━━ Extracted material ━━

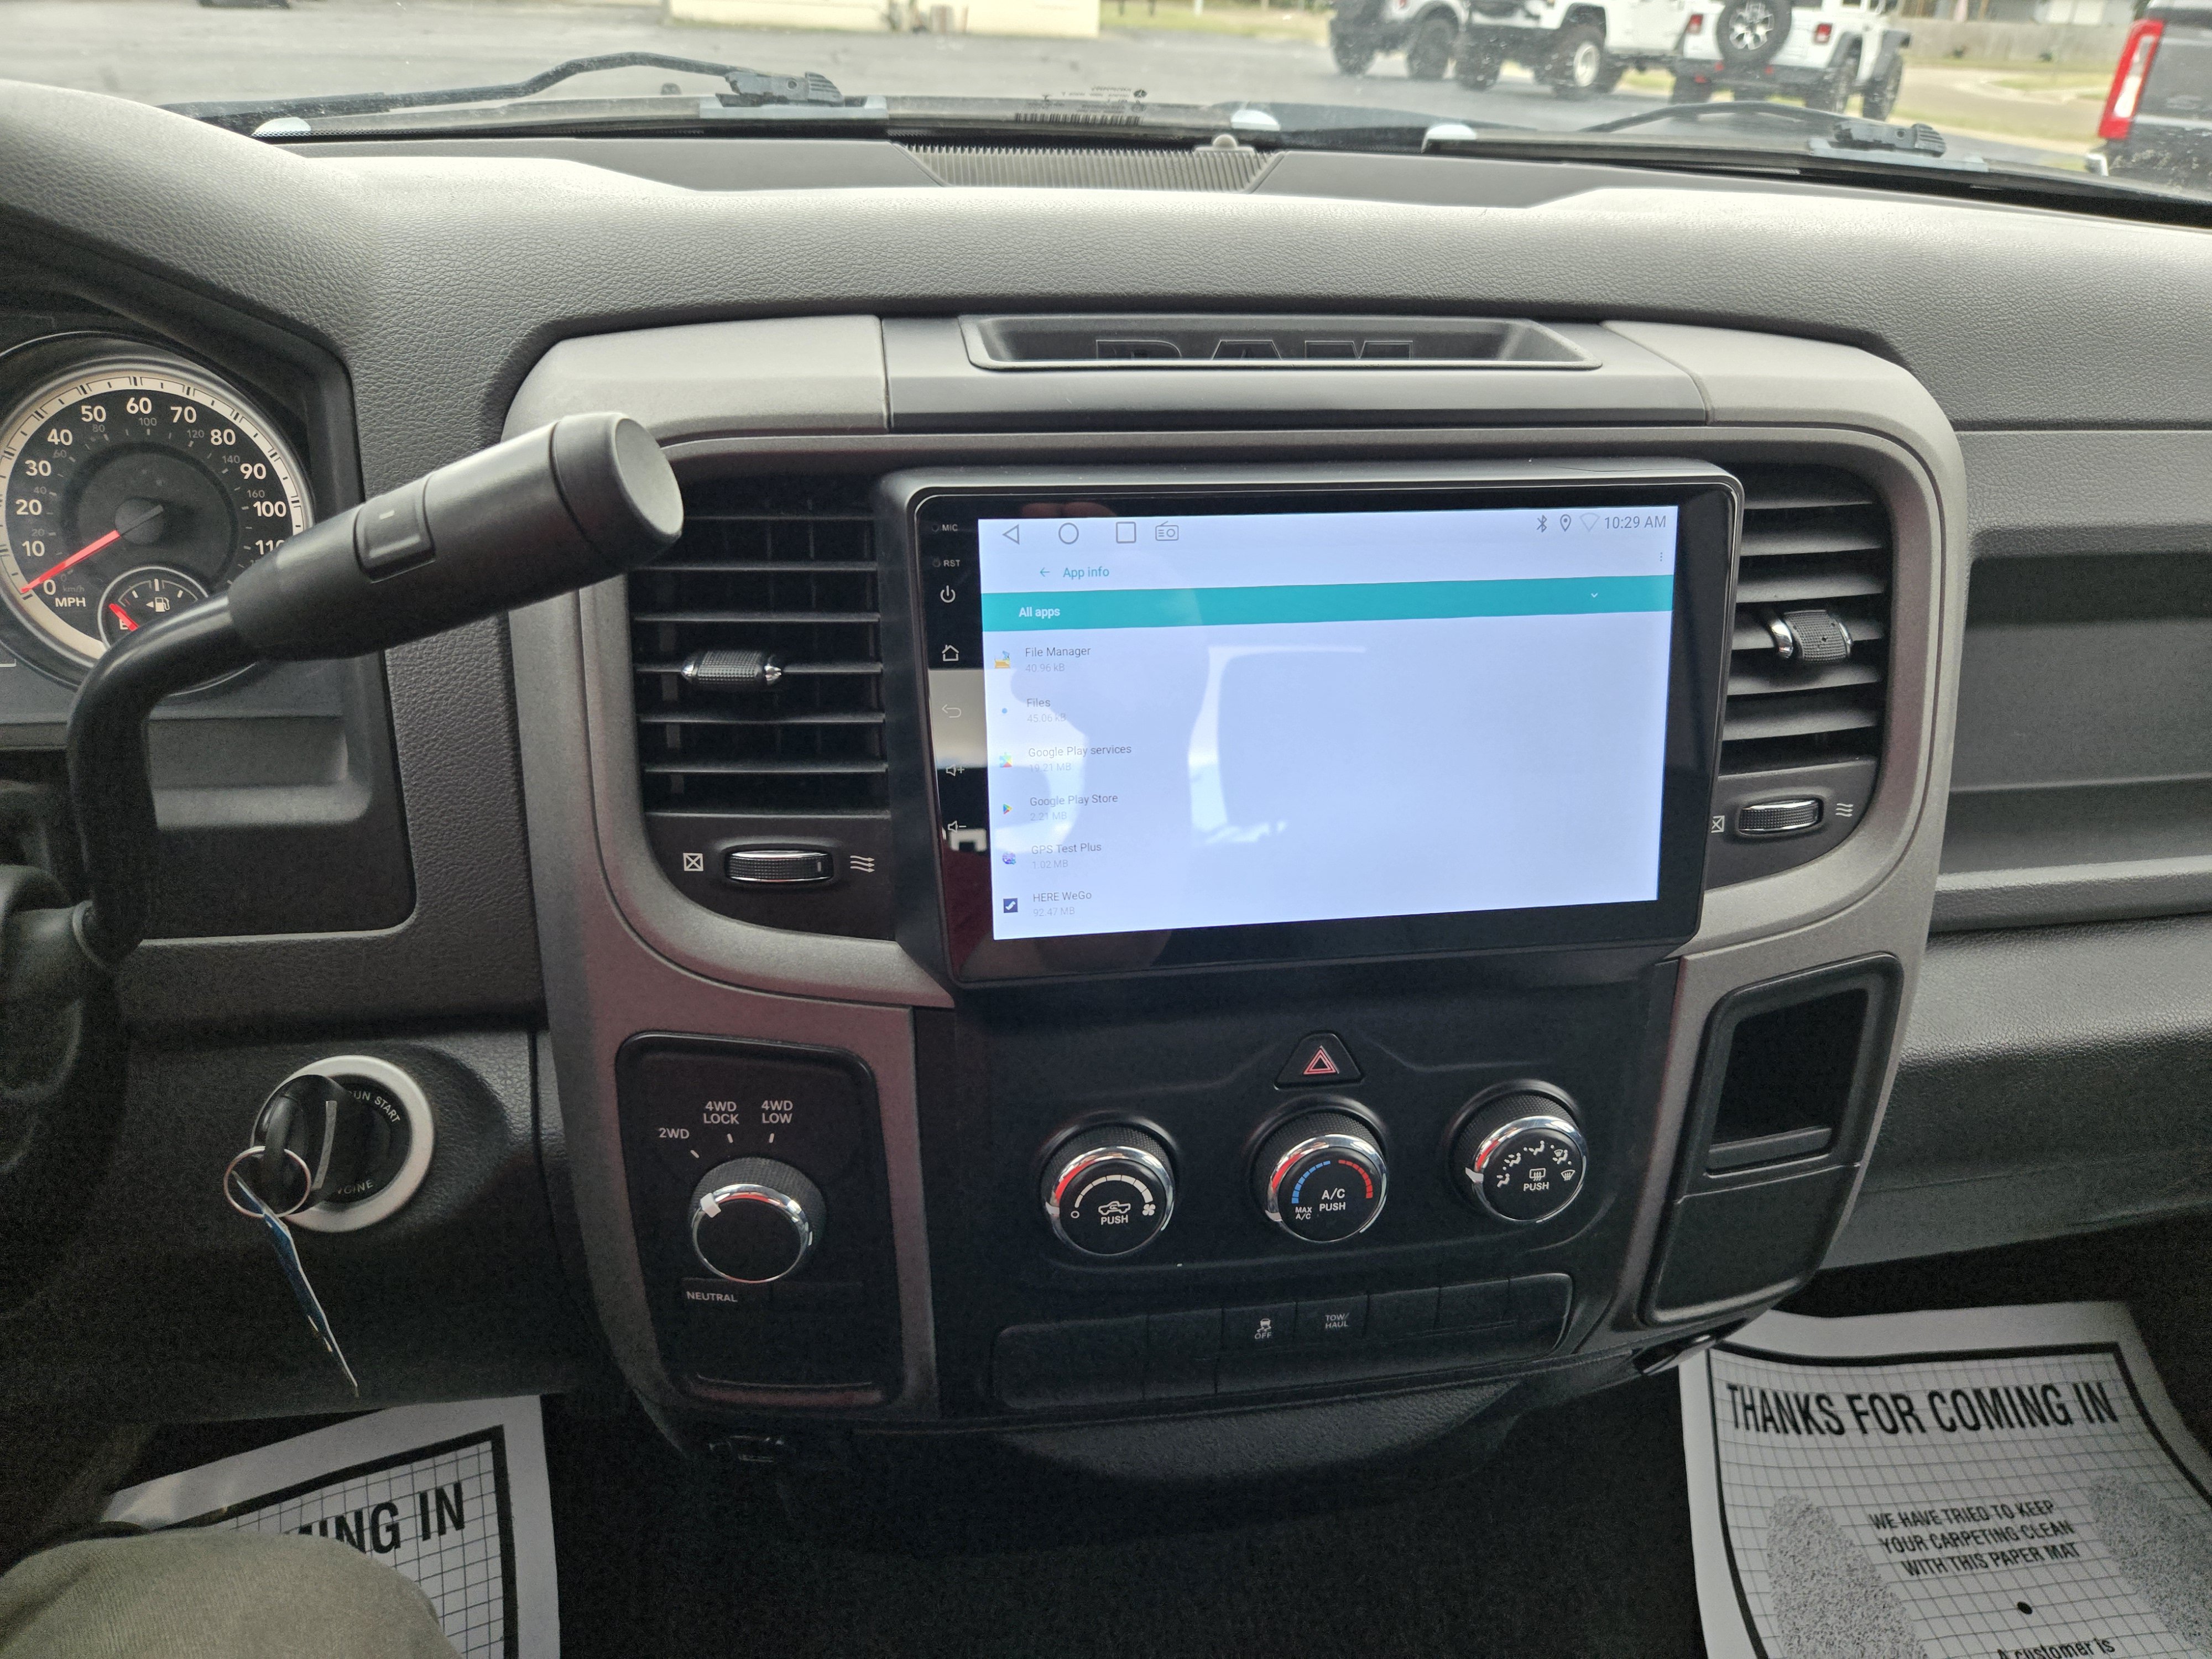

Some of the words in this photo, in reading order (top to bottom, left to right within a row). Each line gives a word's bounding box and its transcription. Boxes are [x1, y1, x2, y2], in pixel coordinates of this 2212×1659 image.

[126, 397, 152, 414] 60
[81, 405, 107, 422] 50
[170, 406, 197, 423] 70
[138, 418, 157, 426] 100
[92, 424, 105, 433] 80
[186, 429, 205, 439] 120
[47, 429, 73, 446] 40
[210, 429, 236, 445] 80
[222, 455, 240, 464] 140
[25, 460, 51, 477] 30
[239, 463, 267, 479] 90
[33, 486, 47, 494] 40
[247, 489, 265, 498] 160
[15, 499, 42, 515] 20
[253, 501, 286, 517] 100
[1604, 516, 1640, 529] 10:29
[1644, 515, 1667, 529] AM
[32, 528, 45, 536] 20
[942, 524, 958, 532] MIC
[22, 541, 45, 556] 10
[943, 559, 961, 567] RST
[1063, 567, 1084, 580] App
[1087, 566, 1110, 577] info
[43, 579, 56, 596] 0
[55, 597, 86, 608] MPH
[1018, 607, 1032, 618] All
[1035, 608, 1061, 620] apps
[1025, 647, 1044, 658] File
[1047, 646, 1092, 660] Manager
[1025, 663, 1050, 672] 40.96
[1053, 662, 1065, 672] kB
[1026, 697, 1051, 708] Files
[1026, 713, 1053, 723] 45.06
[1055, 712, 1067, 722] kB
[1028, 747, 1063, 759] Google
[1066, 745, 1088, 758] Play
[1091, 744, 1132, 755] services
[1029, 764, 1053, 773] 19.21
[1056, 763, 1072, 771] MB
[1030, 796, 1065, 808] Google
[1067, 795, 1089, 807] Play
[1092, 794, 1118, 804] Store
[1030, 812, 1050, 821] 2.21
[1052, 811, 1067, 820] MB
[1031, 844, 1053, 855] GPS
[1056, 843, 1077, 853] Test
[1080, 842, 1102, 852] Plus
[1032, 860, 1051, 869] 1.02
[1053, 859, 1068, 868] MB
[1032, 893, 1060, 902] HERE
[1062, 891, 1092, 901] WeGo
[1033, 907, 1058, 917] 92.47
[1060, 906, 1075, 916] MB
[348, 1091, 371, 1101] UN
[374, 1096, 400, 1123] START
[705, 1101, 737, 1112] 4WD
[761, 1100, 793, 1112] 4WD
[703, 1113, 739, 1124] LOCK
[762, 1113, 792, 1124] LOW
[659, 1128, 690, 1139] 2WD
[1524, 1182, 1550, 1191] PUSH
[1322, 1188, 1345, 1201] A/C
[1319, 1202, 1346, 1212] PUSH
[1100, 1214, 1129, 1225] PUSH
[686, 1291, 738, 1303] NEUTRAL
[1325, 1313, 1349, 1322] TOW/
[1325, 1320, 1348, 1329] HAUL
[1254, 1331, 1272, 1339] OFF
[1726, 1383, 1845, 1436] THANKS
[1846, 1393, 1927, 1434] FOR
[1929, 1383, 2073, 1433] COMING
[2073, 1382, 2119, 1424] IN
[419, 1481, 465, 1542] IN
[1869, 1513, 1898, 1530] WE
[1898, 1510, 1942, 1528] HAVE
[1940, 1506, 1990, 1524] TRIED
[1990, 1504, 2015, 1520] TO
[2015, 1500, 2054, 1517] KEEP
[1880, 1535, 1929, 1554] YOUR
[1929, 1526, 2020, 1550] CARPETING
[2021, 1520, 2075, 1539] CLEAN
[1901, 1557, 1949, 1577] WITH
[1949, 1553, 1989, 1572] THIS
[1989, 1548, 2043, 1567] PAPER
[2043, 1542, 2080, 1560] MAT
[2015, 1641, 2095, 1659] customer
[2094, 1638, 2116, 1653] is
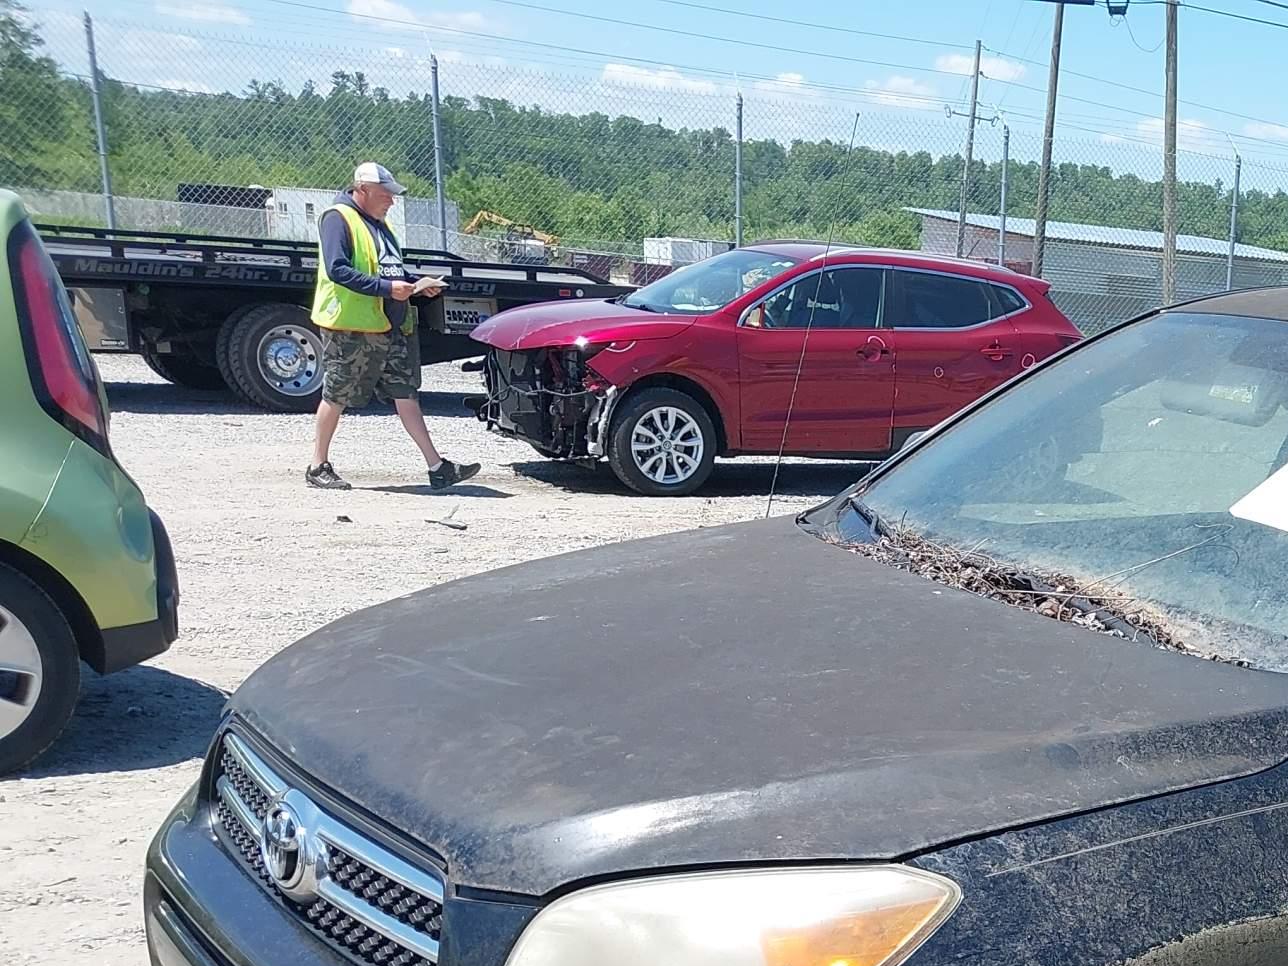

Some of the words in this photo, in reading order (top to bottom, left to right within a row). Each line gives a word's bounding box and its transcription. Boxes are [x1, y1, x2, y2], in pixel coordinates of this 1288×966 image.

[74, 258, 194, 278] Mauldin's
[204, 264, 269, 281] 24hr.
[449, 281, 496, 296] very

━━━

Exercise:
Check each line above for the word "pixel" and copy every line that has it.

Solution to this problem:
Some of the words in this photo, in reading order (top to bottom, left to right within a row). Each line gives a word's bounding box and its transcription. Boxes are [x1, y1, x2, y2], in pixel coordinates of this 2212×1659 image.
Some of the words in this photo, in reading order (top to bottom, left to right within a row). Each line gives a word's bounding box and its transcription. Boxes are [x1, y1, x2, y2], in pixel coordinates of this 1288×966 image.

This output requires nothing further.